It’s Friday party people! This week went so fast because of Labor Day and I’m scrambling to see what is going on this weekend. Friday just snuck up on me (but in a good way)!
I have two questions I want to ask you guys today. The first thing I wanted to get to today is Kinesio [Kinesiology] Tape. You know, that tape you saw all the Olympic athletes wear? It comes in a variety of colors–that supposedly have different functions–and can be used almost anywhere on the body.
This is what I know about the tape based on my “extensive” (read: quick) search of the internet: “Kinesio tape has been around since the 80′s and was developed by a Chiropractor named Dr. Kenso Kase. It is used to help patients with injured muscles and joints. This tape was also developed to enhance peak performance ,so it’s obvious why so many athletes are using it today” (source). According to Runner’s World, the Kinesio tape is designed to lift the skin and allow better blood flow, which is said to increase muscular performance and allow better mobility in injured areas.
All this from a tape? Can it be true? Well researchers in New Zealand reviewed the literature on the efficacy of Kinesio taping (in essence they did a meta-analysis of data that was already out there), which only really amounted to 10 rigorous studies, and concluded that that Kinesio taping may have a small beneficial effect on strength and active range of motion of an injured area. However, it probably doesn’t help in other musculoskeletal outcomes, including pain, ankle proprioception, or muscle activity (Williams et al, 2012). In short, there aren’t many rigorous (RCTs or experimental design) studies out there on this tape and the studies that do exist, which are mostly anecdotal, say its benefits are limited.
Ahhhh, so what does all of that mean? For me, I’m willing to try anything that could help stabilize my bad knee, even if just a little. And Olympians wear it…So of course I ordered a roll of tape off Amazon to give it a whirl.
According to the reviews on Amazon, this RockTape was supposed to be the best. <—this meant the stickiest, btw. And if you’re running for hours at a time you want your tape to stick, you know what I mean? I guess black is also supposed to be the stickiest (red is supposed to “warm” your muscles and blue to “cool” them…not sure how much I buy into this). I looked up some tutorials on line and then tried it out on some of my medium distance (8-10 mile) runs.
My take? Ehh. I really think much of the Kinesio tape’s benefits are psychosomatic. It feels like there is something there that is supposed to help so…I feel better! I think with such a big problem as having osteoarthritis/cartilage tear of the knee it’s just not enough. It’s not nearly as good as wearing the PT strap, which can really compress the knee and immobilize the knee cap. But I’ll keep this stuff around just in case I have some tendonitis or something else it might help with.
Have you tried Kinesio Tape? If so, what do you think?

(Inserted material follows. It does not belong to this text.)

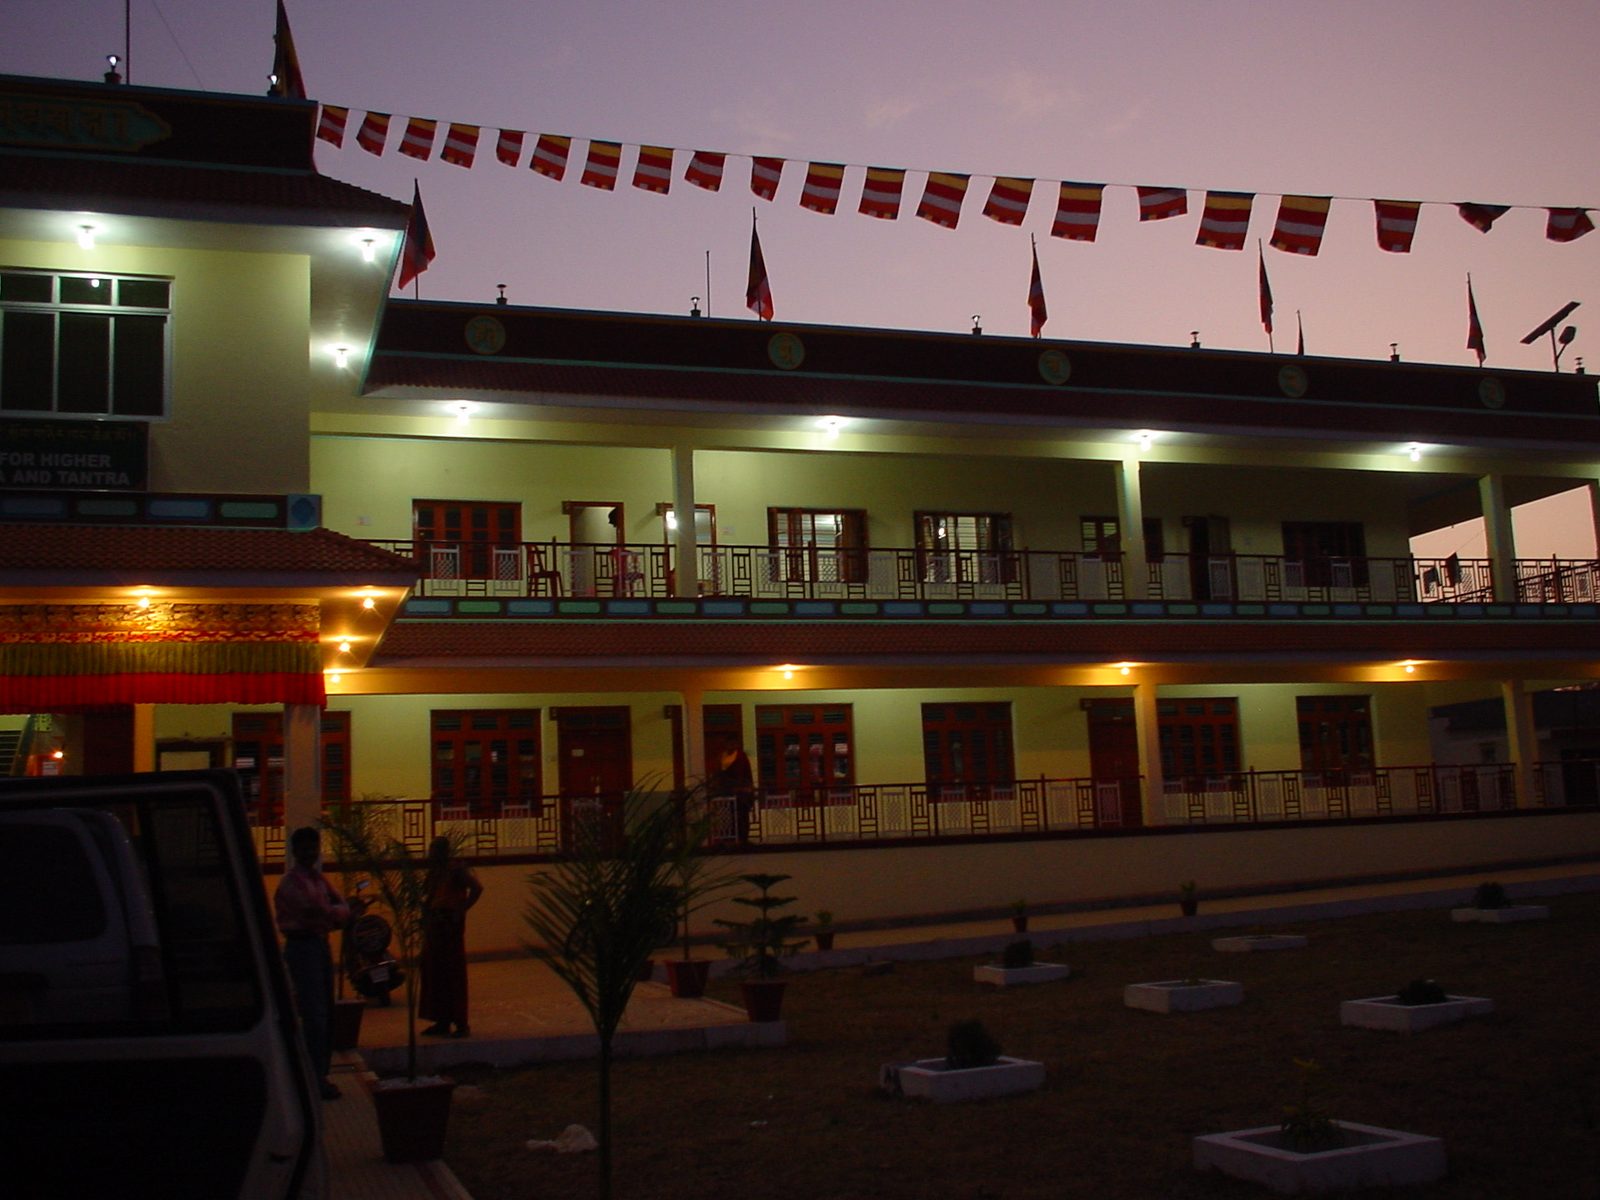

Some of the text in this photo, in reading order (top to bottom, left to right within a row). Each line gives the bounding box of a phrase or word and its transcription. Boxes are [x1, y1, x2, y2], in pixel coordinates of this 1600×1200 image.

[0, 452, 112, 468] FOR HIGHER
[14, 469, 51, 484] AND
[56, 470, 131, 486] TANTRA

If not, do you think you’d like to try it?
Ok, my second question for you guys concerns the day after your long run routine. For years I followed what Hal said and did some light cross-training after my long runs. But this summer I decided to try something different. I have been taking the day after off completely, which means I have a rest day before the long run and a rest day after. That leaves 4 days of running a week and one day for cross-training. It’s been working really well actually. I find that two days after my long run I feel pretty great and am able to do an easy 4-5 miler with no pain or stiffness (I also attribute that to my beloved tart cherry juice!).

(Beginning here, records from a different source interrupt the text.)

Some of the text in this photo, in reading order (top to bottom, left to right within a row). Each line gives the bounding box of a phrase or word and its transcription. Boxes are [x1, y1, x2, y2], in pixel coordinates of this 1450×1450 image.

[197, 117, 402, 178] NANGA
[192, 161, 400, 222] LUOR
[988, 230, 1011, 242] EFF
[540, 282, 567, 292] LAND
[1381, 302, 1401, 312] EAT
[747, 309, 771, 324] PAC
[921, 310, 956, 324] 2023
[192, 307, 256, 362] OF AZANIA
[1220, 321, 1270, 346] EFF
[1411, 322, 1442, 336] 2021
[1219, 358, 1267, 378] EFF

But yesterday I didn’t feel like taking the day off. My arms have been feeling flabtastic because I’ve all but stopped upper body strength training since my migraine episodes. I just didn’t feel like contributing to the stiff and painful upper back/neck I already had. But yesterday I felt the NEED to start doing some upper body strength again. So I went to the bf’s gym with him–which is usually empty by the way–for what used to be my day after a long run routine
20 minutes on the elliptical to get the blood flowing through my legs and then 20 minutes of upper body strength using free weights and the exercise ball. And then you know what I did? Something I haven’t done for months, but something that used to be an almost daily part of my fitness regimen. I went swimming! 🙂
It’s really weird that I only did one triathlon this summer and all but gave up swimming the last 3 months, since I had been swimming almost daily for 3 years. Since all the bf really does is swim (I tell our swimming story here) I was reminded of how fun it is to go work out with him. And to get back into fitness swimming. The first flip turn was tough but after 100 yards I was back into the swing of things. And OH I had forgotten how good the cool water felt on my legs the day after a long run.
**Quick tangent: After I ran the Boston Marathon my legs were SUPER sore for 6 days (probably because, if you know the BM, there is a pretty extreme net decline over the course of the race). I remember getting in the pool that following week and barely being able to kick my legs but the water felt so good**
I was glad that I got in a mini-workout yesterday but I am still up in the air as to whether I’ll continue my day of rest after a long run or start to cross-train again. Taking the whole day off has really helped so I don’t want to mess with what works. I might go back to that routine next week. So here’s what I want to know…
What is your routine the day after a long run? I know that this differs for everyone (some people can get right back out there and run again…umm jealous!) so I’m just curious to know!
Have a fabulous weekend everyone!!!!